Middle school is often the prime time for all the body changes to begin. "That being said, just because hair is sprouting doesn't mean that kids are feeling pressure to shave," Dr. Lowe says.
OK, when do kids "typically" start to feel pressure to shave?
Before even asking this, I know it's dictated by circumstances. Do you live down south, where kids dress for hot weather, or up north, where everyone is in layers? Does gym class require shorts, or are sweatpants allowed? I was a majorette as a kid, so I wore a sleeveless bodysuit in front of my peers. I felt the pressure to shave early. Gymnasts and kids on a swim or track team might also feel like shaving is a necessity. Other kids might be part of more modest-dressing communities and aren't showing their legs in public. Still others might be the kind of kids who wear jeans every day and can't be bothered to think about shaving, and that's cool, too.
"The short answer is there's never a normal time for kids to first shave their legs. It's obviously a very personal decision for each child," Lowe says. They might find out that a friend shaved. Or they might start to notice smooth legs on their media peers; it's hard to find hairy girl legs on Nickelodeon, for instance. "Kids start to get exposed to media influence that puts out there this gender expectation that girls shave," Lowe says. "Kids start to have thoughts that maybe they should shave, even though, clearly, that's not a rule they have to follow." (My mom was right on that front.)
If your kid comes to you and asks to shave...
"If a child comes to you with a question about shaving, that's really a gift and a great opportunity to show that child that they can trust you to give them accurate, nonjudgemental information," Lowe says.
You may think it's early for them to shave, or you may think it's totally appropriate, but either way, you should give them the tools and a lesson.
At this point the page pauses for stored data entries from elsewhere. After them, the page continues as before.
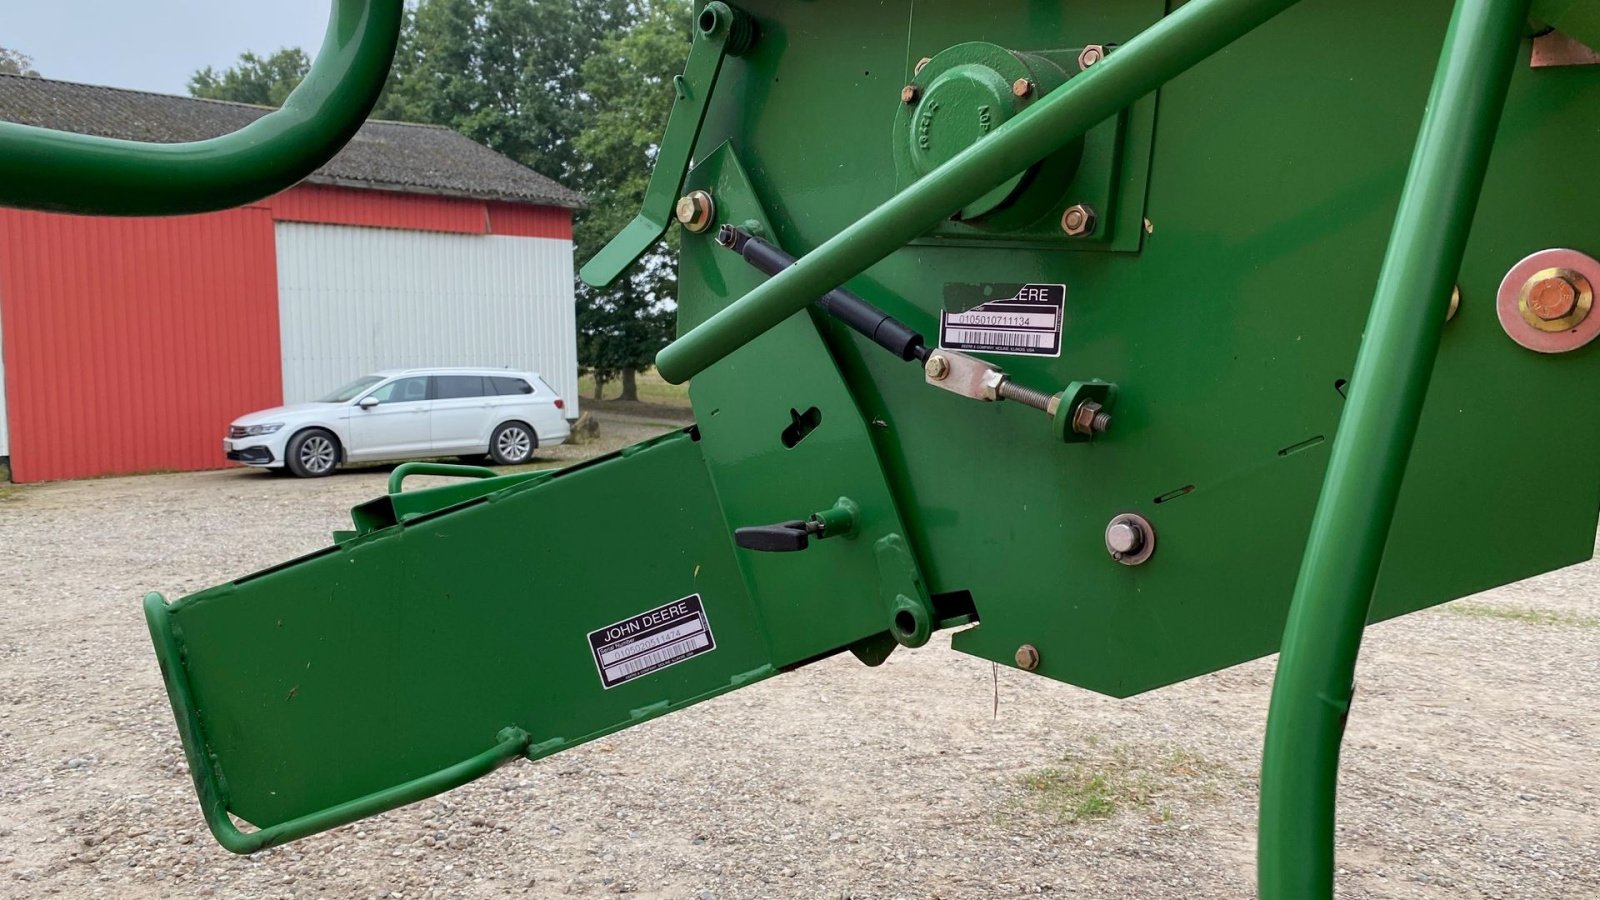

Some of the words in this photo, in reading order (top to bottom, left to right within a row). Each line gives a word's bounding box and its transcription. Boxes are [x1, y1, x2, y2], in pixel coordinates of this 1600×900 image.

[1014, 288, 1049, 302] ERE
[959, 315, 1030, 327] 0105010711134
[604, 620, 640, 642] JOHN
[642, 602, 689, 628] DEERE
[614, 630, 681, 660] 0105020511474
[615, 638, 635, 649] Number
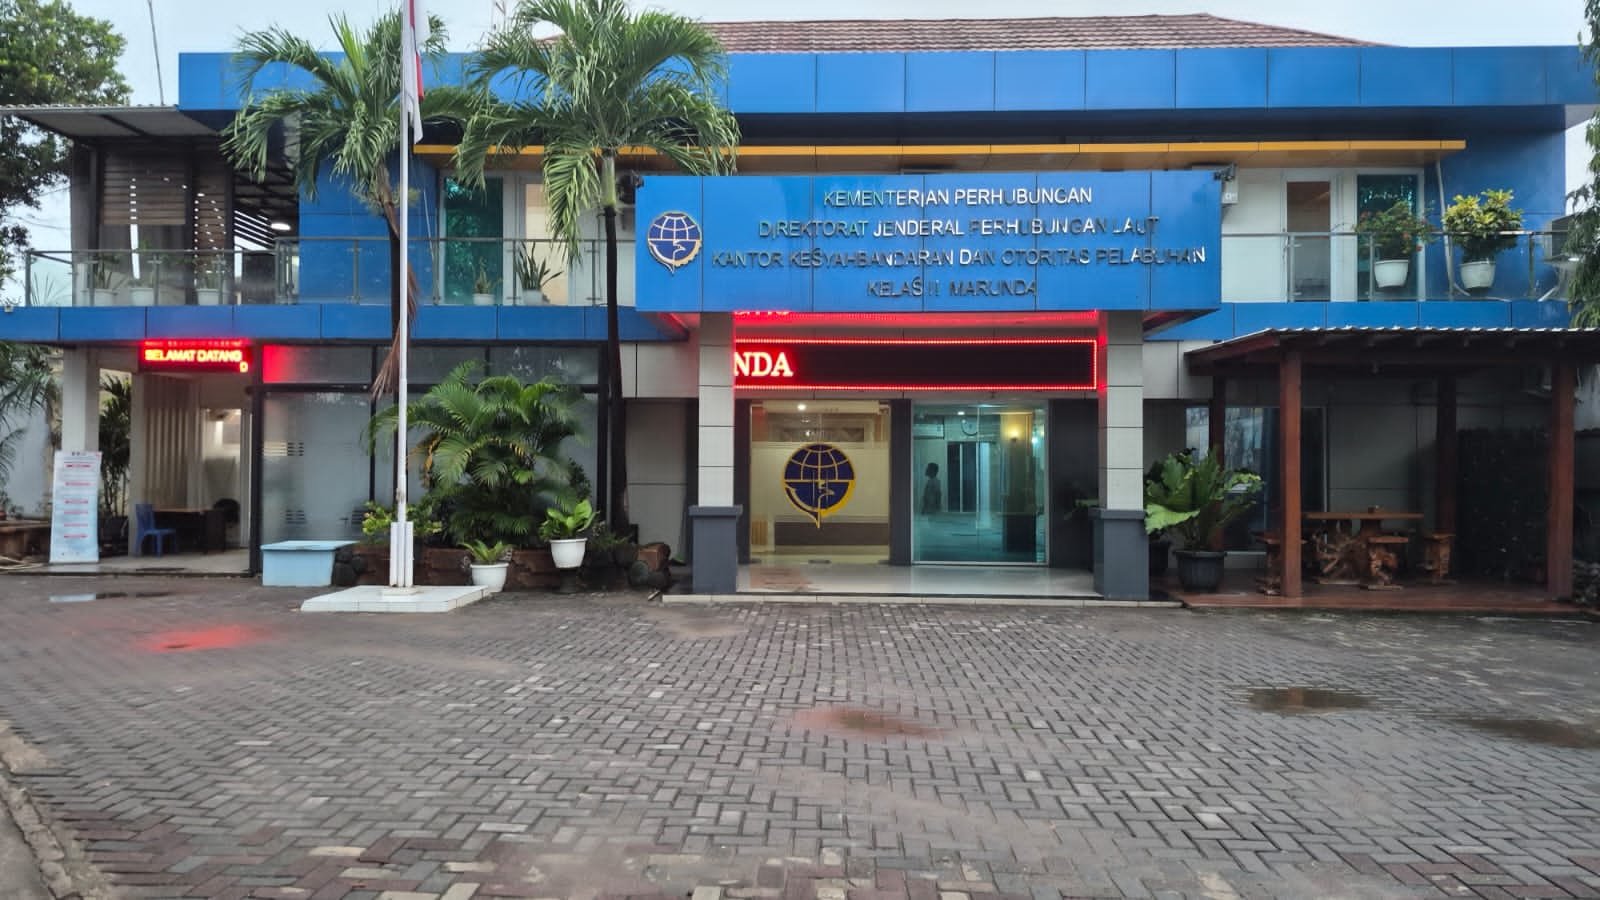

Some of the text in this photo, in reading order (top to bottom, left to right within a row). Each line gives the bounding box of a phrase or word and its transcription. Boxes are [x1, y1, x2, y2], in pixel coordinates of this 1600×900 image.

[823, 187, 1093, 208] KEMENTERIAN PERHUBUNGAN
[759, 216, 1160, 240] DIREKTORAT JENDERAL PERHUBUNGAN LAUT
[712, 247, 1206, 268] KANTOR KESYAHBANDARAN DAN OTORITAS PELABUHAN
[867, 276, 923, 297] KELAS
[949, 280, 1037, 297] MARUNDA
[144, 349, 196, 361] SELAMAT
[734, 351, 794, 377] NDA
Remember, points out Lowe, "Some kids choose to shave even if others aren't going to be seeing their armpits. They just feel more comfortable knowing they don't have hair there. There are lots of different reasons why people choose to shave."
Take a trip to the store or see what you have in the bathroom. "I do think it's safest to start with a razor — regular razor or electric — and to teach kids the steps. They need to first clean their skin in the shower or bath, with soap, to get the bacteria off. That way, if they nick a little bit of skin, they're less likely to get an infection. Talk about using really light pressure and making sure the razor is new enough that the blade is sharp, because a dull blade is more likely to cause little nicks or irritations."
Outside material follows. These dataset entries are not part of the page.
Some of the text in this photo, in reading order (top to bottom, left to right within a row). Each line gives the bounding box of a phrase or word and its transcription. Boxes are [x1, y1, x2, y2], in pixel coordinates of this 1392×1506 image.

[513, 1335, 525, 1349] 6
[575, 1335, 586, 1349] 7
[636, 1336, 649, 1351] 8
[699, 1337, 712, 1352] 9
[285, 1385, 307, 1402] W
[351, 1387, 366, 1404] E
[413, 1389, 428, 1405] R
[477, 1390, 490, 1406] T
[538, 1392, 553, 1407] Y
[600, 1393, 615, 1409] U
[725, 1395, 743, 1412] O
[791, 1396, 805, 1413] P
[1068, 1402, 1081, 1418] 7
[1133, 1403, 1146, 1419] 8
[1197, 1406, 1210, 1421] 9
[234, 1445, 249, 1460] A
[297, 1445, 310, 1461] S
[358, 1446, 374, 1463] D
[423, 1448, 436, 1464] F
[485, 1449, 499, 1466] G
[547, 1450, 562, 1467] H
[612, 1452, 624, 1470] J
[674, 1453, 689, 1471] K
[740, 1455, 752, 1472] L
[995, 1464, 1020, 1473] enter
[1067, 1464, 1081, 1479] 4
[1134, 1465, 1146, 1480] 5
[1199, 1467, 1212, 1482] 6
Shaving is also a great opportunity to talk about gender issues. "If you're at the drugstore, you can say, 'Look at how gendered this stuff is,'" Lowe suggests. "Skin is skin, and razors don't have a gender." It's also an opportunity to explain the maddening pink tax. "Show them the price difference between products that seem feminine and those marketed as masculine. It can open a lot of conversation," Lowe says. Importantly, let them use whatever gel and razor they want.
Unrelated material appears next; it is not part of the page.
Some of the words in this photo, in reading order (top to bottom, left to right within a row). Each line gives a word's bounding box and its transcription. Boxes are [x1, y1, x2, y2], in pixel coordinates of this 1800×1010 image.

If your kid is hairy but not asking to shave...
Let it go — unless you feel like they are just terrified to bring it up, which is possible. Maybe you catch them looking at their leg hair or see that they're nervous about putting on shorts. "If you're sensing that they might have questions they aren't asking, you should bring it up and let them know you're happy to talk about shaving anytime if they want to. And if they don't want to, that's OK too," says Lowe.
Wait, you can use shaving as a gateway conversation?
"The pediatrician in me likes to point out that if your child is coming to you with shaving questions, the conversation is actually about more than shaving," explains Lowe. The subtext is that they're trusting you instead of texting friends or searching TikTok for answers to their questions about adolescence.
"Eventually, hopefully, they'll be coming to you with questions about sex and how to keep their body safe and healthy, and how to make good choices, instead of turning to the internet or just to their peers," Lowe says. "So it's really a great opportunity to build up to those bigger conversations."
Sounds terrifying. I mean, sounds amazing and great.